Romney a poursuivi en évoquant les dirigeants rencontrés avec Murphy dans les Territoires palestiniens et en Jordanie.

« Ils ont décrit ce qui se produirait s’il n’y avait pas de solution à deux États, qu’il y aurait un Israël – ou un seul État – un Israël comptant 6,6 millions de Palestiniens et 6,6 millions des Juifs, et que les Palestiniens ont des familles plus grandes que les Juifs, alors, au fil du temps, cela deviendrait un État à prédominance palestinienne », a-t-il dit.

« Cela ne semblerait pas être une chose souhaitée par les Israéliens, et quelque chose dont les Palestiniens ont dit que cela correspondrait à une solution satisfaisante pour le gouvernement israélien ».

Le Premier ministre Benjamin Netanyahu a dit à la veille de l’élection du mois dernier qu’il n’y aurait pas d’Etat palestinien sous son mandat et qu’il prévoyait d’annexer certaines parties de la Cisjordanie. Romney a refusé de commenter ces projets.

Romney et Murphy ont rencontré le nouveau Premier ministre de l’Autorité palestinienne, Mohammed Shtayyeh, mais pas Netanyahu, avec qui ils se sont entretenus séparément par téléphone. Dans les médias israéliens, certains ont suggéré que ce dernier ne voulait pas froisser le président Donald Trump en rencontrant Romney, qui s’est vivement opposé à lui. Le chef du gouvernement israélien était avec sa famille sur le plateau du Golan.
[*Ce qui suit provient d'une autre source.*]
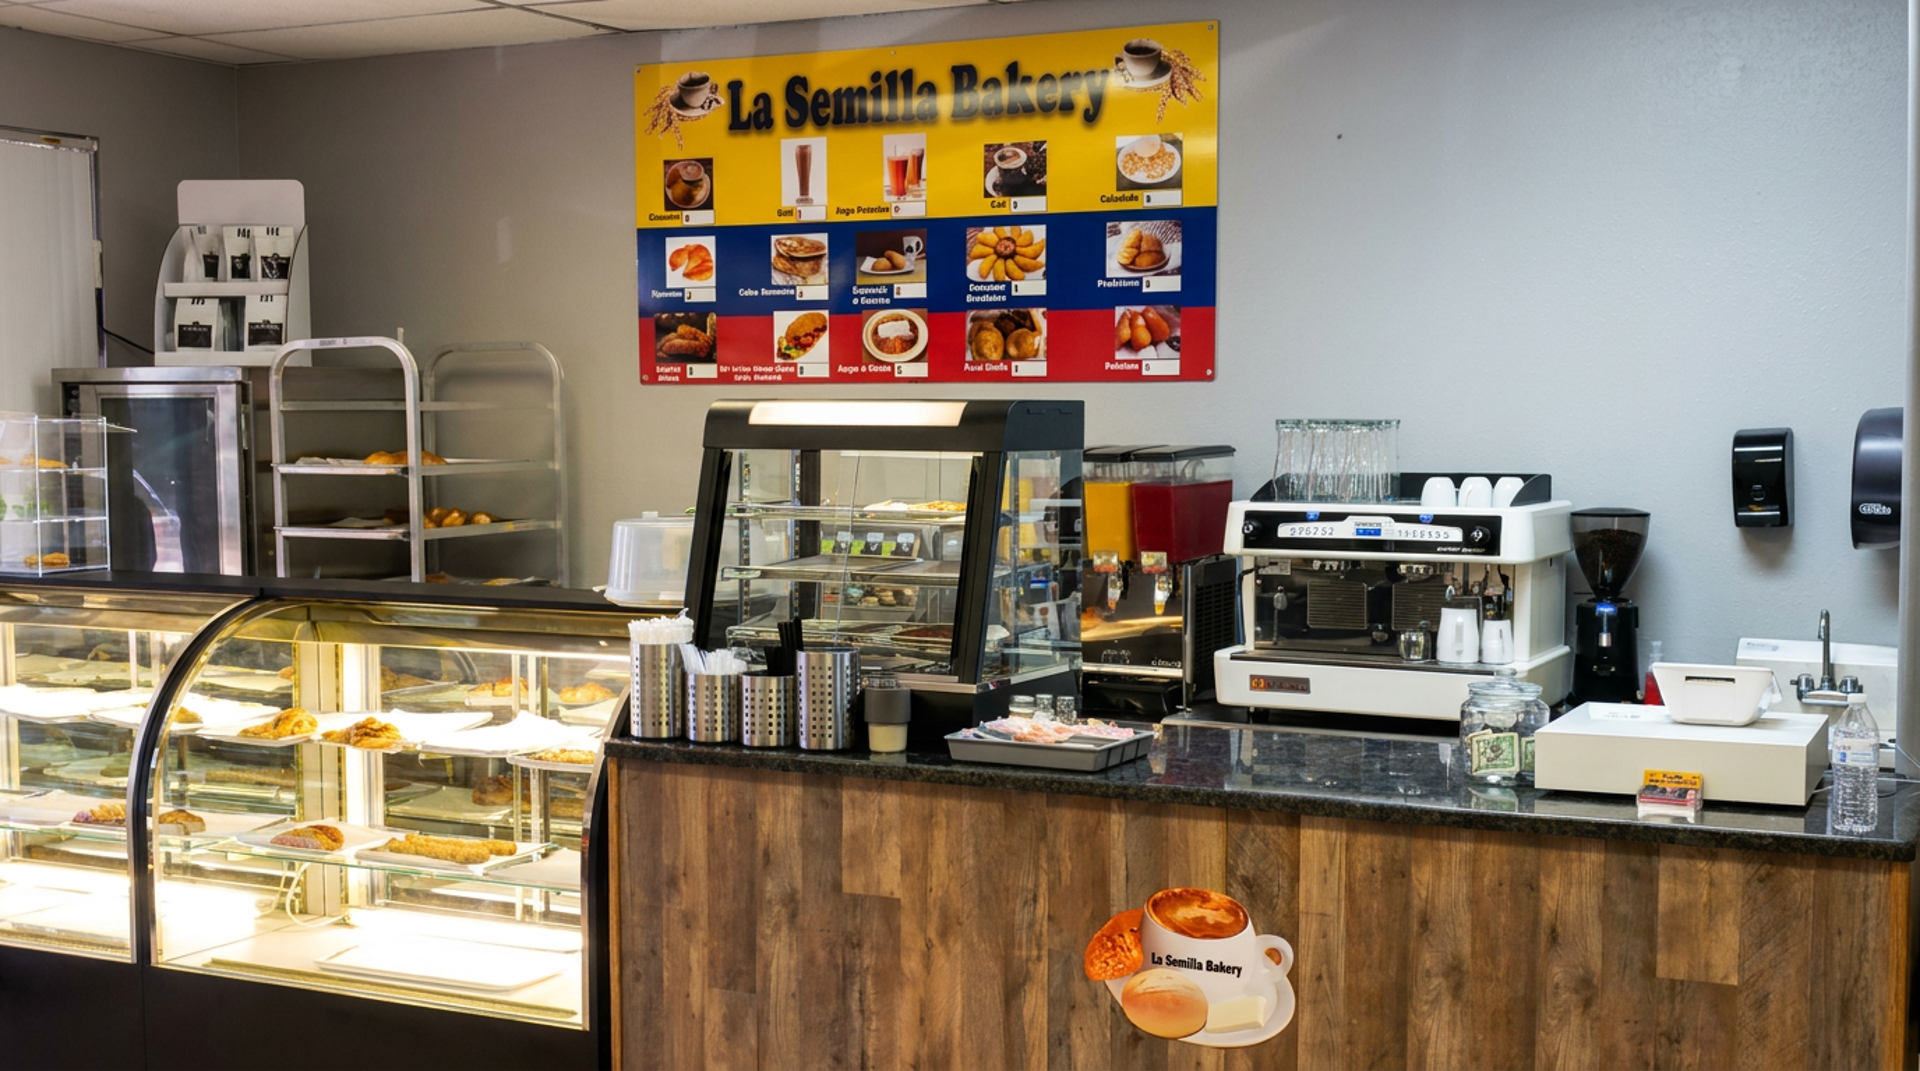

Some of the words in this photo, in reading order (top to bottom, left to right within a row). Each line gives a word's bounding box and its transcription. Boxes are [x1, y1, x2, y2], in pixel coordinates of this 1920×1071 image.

[728, 80, 773, 130] La
[784, 68, 939, 128] Semilla
[950, 61, 1110, 123] Bakery
[1151, 952, 1163, 965] La
[1165, 954, 1203, 971] Semilla
[1205, 960, 1242, 978] Bakery
Romney a déclaré qu’il avait accepté l’explication de Netanyahu selon laquelle il avait besoin de vacances après l’élection du 9 avril.

(De gauche à droite) Avner, Sara, Benjamin et Yair Netanyahu en vacances sur le Plateau du Golan, le 23 avril 2019. (Crédit : Bureau du Premier ministre)

Romney a indiqué que Shtayyeh avait montré à la délégation une carte des implantations israéliennes en Cisjordanie.

« Il a évidemment expliqué qu’il serait très difficile de dessiner un Etat palestinien étant donné la localisation de ces implantations », a déclaré Romney. « Mais il a décrit la vision la plus extrême de ce qu’Israël pourrait revendiquer en termes de territoire. L’avenir nous le dira, il y aura un processus de négociations qui, je l’espère, sera conduit par notre pays, et j’espère que le cadre de travail qui en ressortira conduira à une discussion positive. Mais l’avenir nous le dira. »

Romney et Murphy ont tous les deux dit que les paiements effectués par l’Autorité palestinienne aux familles palestiniennes de terroristes ayant assassiné des Israéliens compliquaient les efforts du Congrès de renouveler les versements de fonds aux Palestiniens, interrompus par l’administration Trump.

« Je ne pense pas qu’il soit constructif de couper des fonds humanitaires pour tenter de pousser l’Autorité palestinienne vers une crise qui affectera le processus de paix », a déclaré Murphy, « mais l’Autorité palestinienne a rendu cette crise pire qu’elle ne l’était déjà ».

Des réfugiés manifestent contre les États-Unis pour avoir retiré 65 millions de dollars des programmes d’aide palestiniens, devant les bureaux de l’UNRWA dans le camp de réfugiés de Nusseirat, dans le centre de la bande de Gaza, le 17 janvier 2018. (AP Photo/Adel Hana)

Murphy a déclaré que ses interlocuteurs ont dit craindre qu’un échec du plan de paix pourrait déstabiliser la région, particulièrement la Jordanie, un allié clef des Etats-Unis.

« Il y a une réelle préoccupation autour de la réaction de la rue jordanienne devant une proposition de paix qui ne serait pas un cadre sérieux en vue d’une discussion », a fait savoir Murphy. « Toute la région est préoccupée par les éventuelles répercussions politiques dans le cas où cette proposition de paix serait dès le départ vouée à l’échec ».